• _TASK BRIEF_
The records below must be repeated exactly, but without their pictures.

Phrase grounding data:

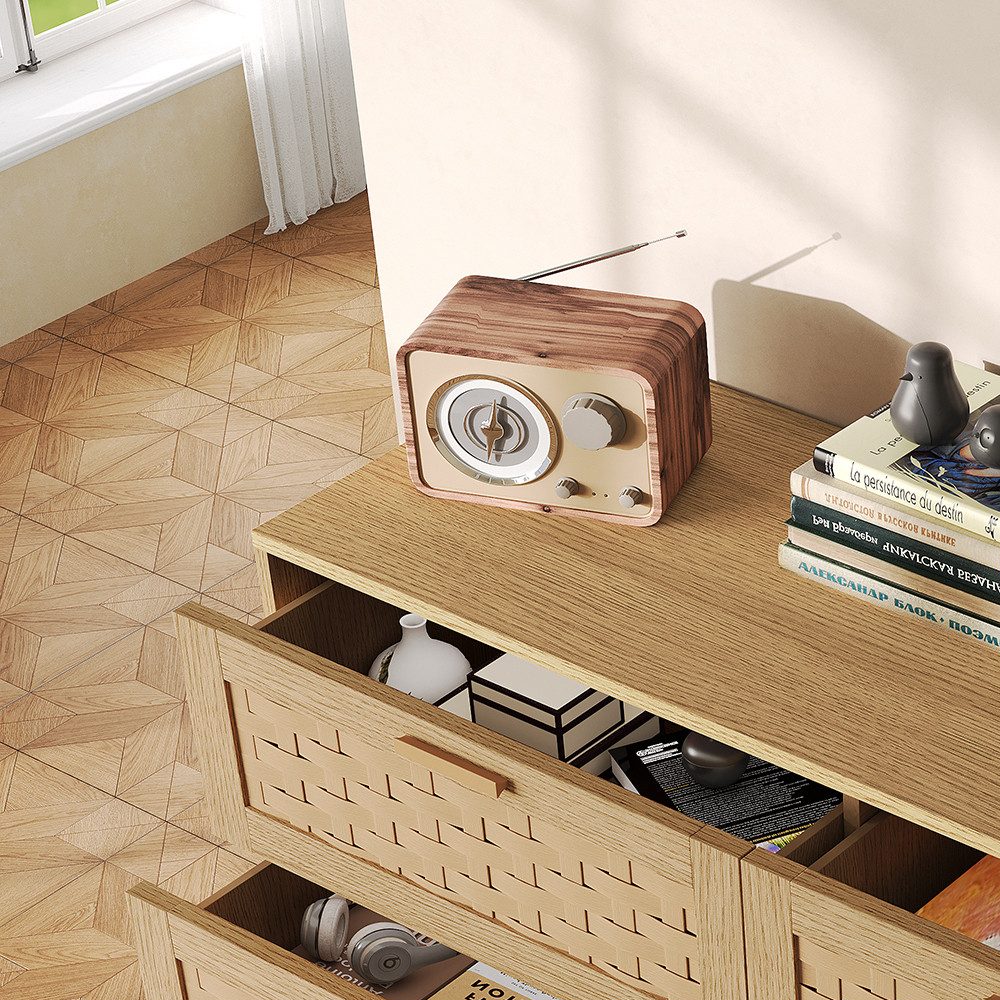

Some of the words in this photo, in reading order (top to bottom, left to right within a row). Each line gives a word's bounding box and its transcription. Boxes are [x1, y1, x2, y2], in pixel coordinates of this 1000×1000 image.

[850, 461, 861, 482] La
[863, 475, 917, 506] persistance
[919, 490, 932, 512] du
[934, 496, 964, 524] destin
[798, 561, 889, 602] АЛЕКСАНДР
[894, 598, 938, 623] БЛОК
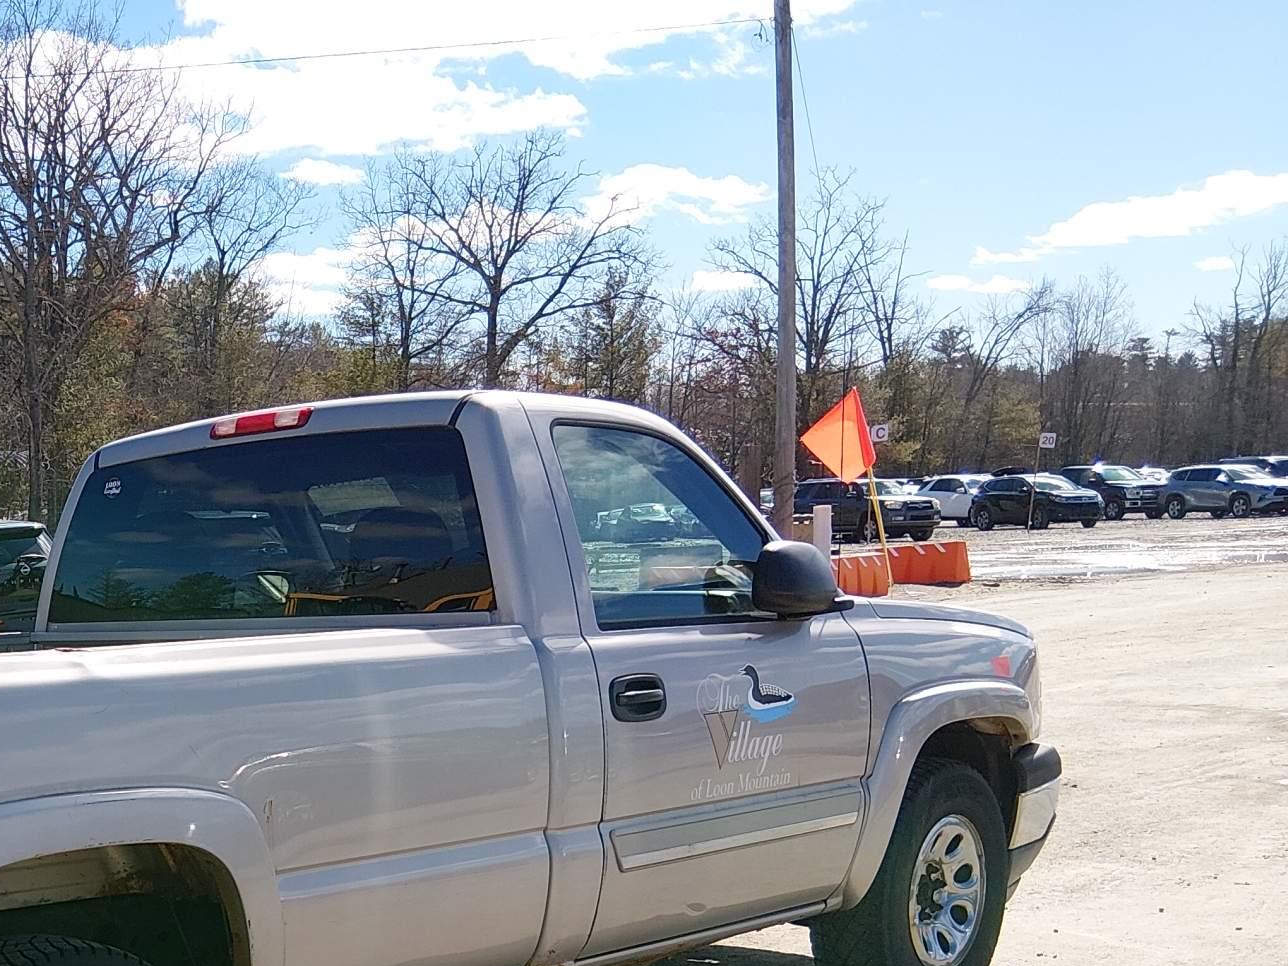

• _ANSWER TO THE EXERCISE_
Some of the words in this photo, in reading order (top to bottom, left to right within a row). Each line gives a word's bounding box and its transcription. Boxes are [x1, y1, x2, y2], in pixel coordinates of this 1000×1000 image.

[850, 461, 861, 482] La
[863, 475, 917, 506] persistance
[919, 490, 932, 512] du
[934, 496, 964, 524] destin
[798, 561, 889, 602] АЛЕКСАНДР
[894, 598, 938, 623] БЛОК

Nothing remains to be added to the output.